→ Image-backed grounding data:
---
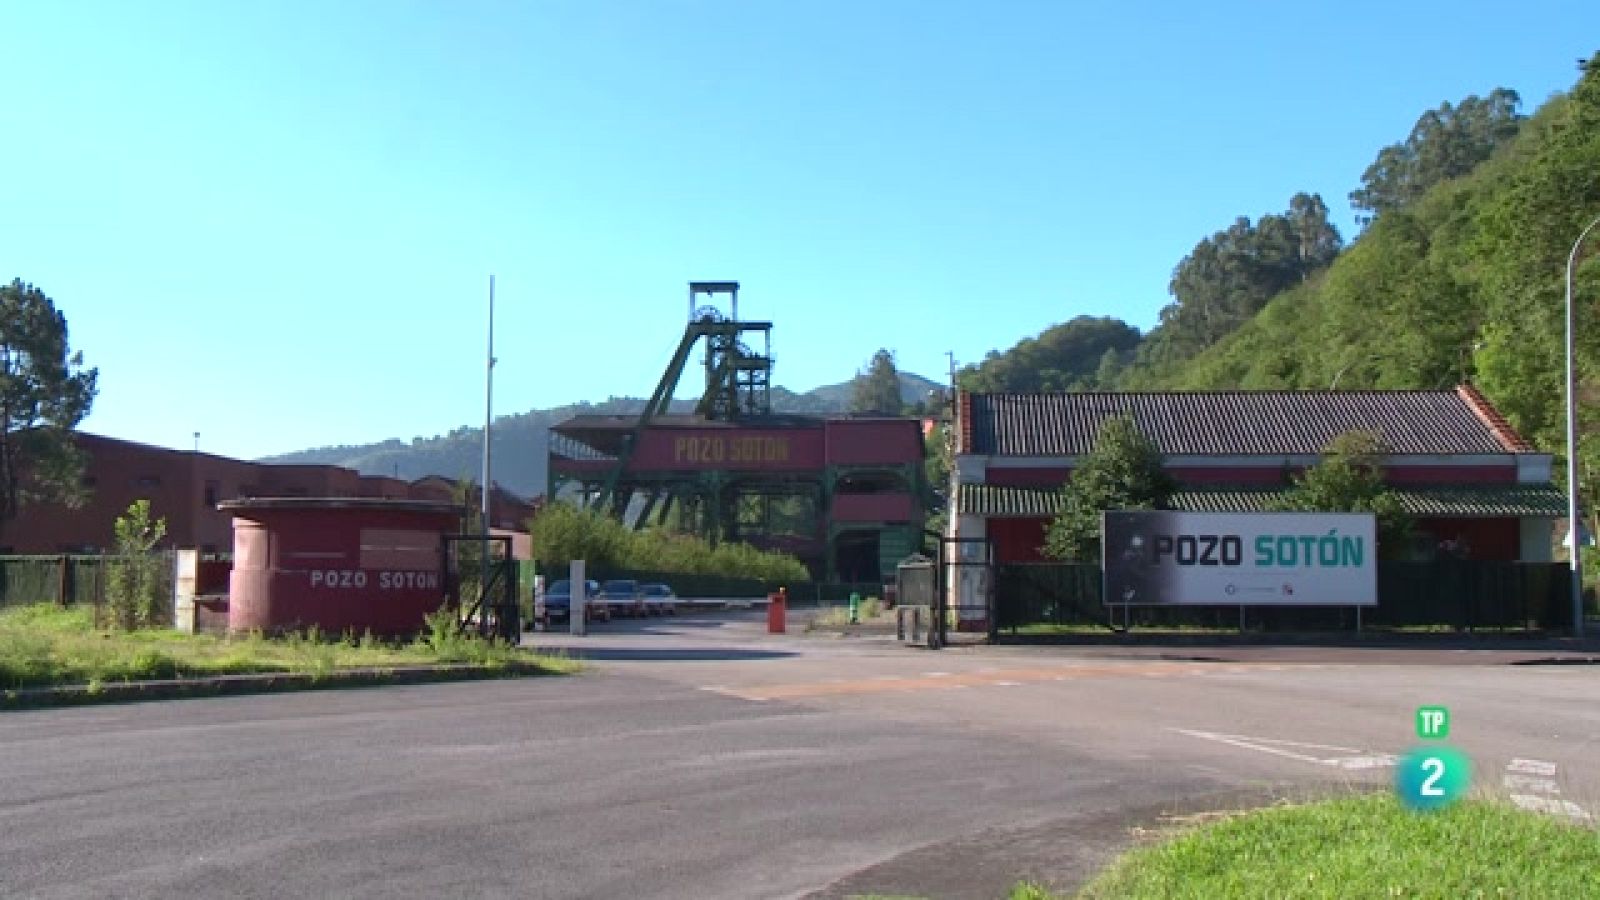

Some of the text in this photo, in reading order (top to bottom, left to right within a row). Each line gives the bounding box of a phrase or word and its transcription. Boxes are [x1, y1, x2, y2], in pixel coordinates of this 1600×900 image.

[674, 437, 722, 462] POZO
[1153, 528, 1363, 566] POZO SOTÓN
[310, 569, 438, 589] POZO SOTON
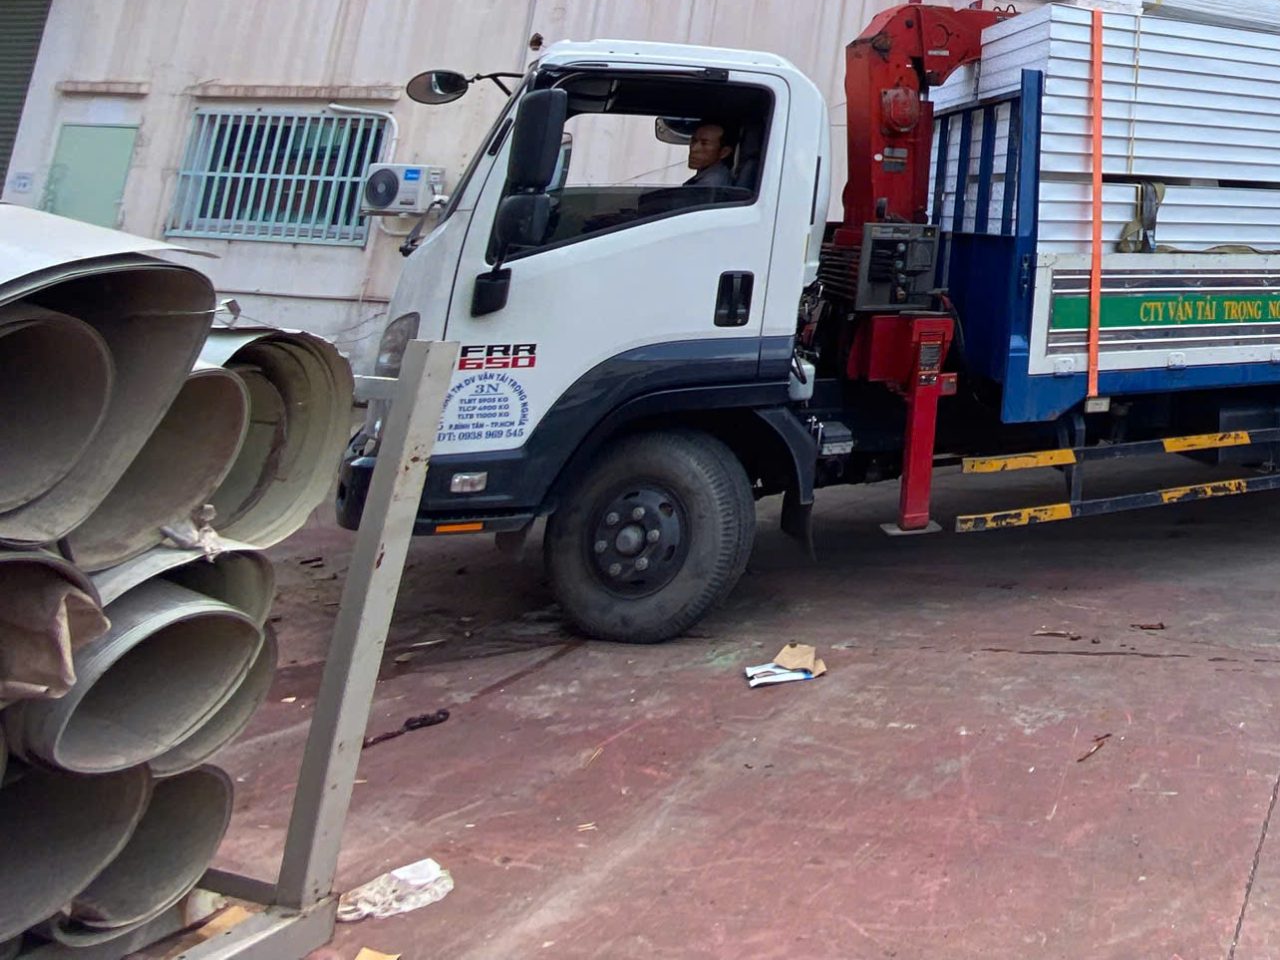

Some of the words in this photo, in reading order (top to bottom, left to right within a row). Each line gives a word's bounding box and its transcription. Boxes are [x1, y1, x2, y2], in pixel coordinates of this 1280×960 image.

[1140, 301, 1165, 322] CTY
[1168, 295, 1193, 325] VẬN
[1197, 295, 1216, 320] TẢI
[1224, 300, 1262, 323] TRỌNG
[460, 344, 537, 357] FRR
[458, 356, 536, 370] 650
[474, 383, 500, 394] 3N
[458, 430, 482, 440] 0938
[505, 428, 524, 438] 545
---
→ What the exercise asks: Verbatim copy without images: write the records above out in full.

→ Exercise output:
Some of the text in this photo, in reading order (top to bottom, left to right within a row). Each line gives the bounding box of a phrase or word and its transcription. Boxes are [x1, y1, x2, y2], in pixel coordinates of this 1600×900 image.

[674, 437, 722, 462] POZO
[1153, 528, 1363, 566] POZO SOTÓN
[310, 569, 438, 589] POZO SOTON

Some of the words in this photo, in reading order (top to bottom, left to right within a row). Each line gives a word's bounding box and its transcription. Boxes are [x1, y1, x2, y2], in pixel coordinates of this 1280×960 image.

[1140, 301, 1165, 322] CTY
[1168, 295, 1193, 325] VẬN
[1197, 295, 1216, 320] TẢI
[1224, 300, 1262, 323] TRỌNG
[460, 344, 537, 357] FRR
[458, 356, 536, 370] 650
[474, 383, 500, 394] 3N
[458, 430, 482, 440] 0938
[505, 428, 524, 438] 545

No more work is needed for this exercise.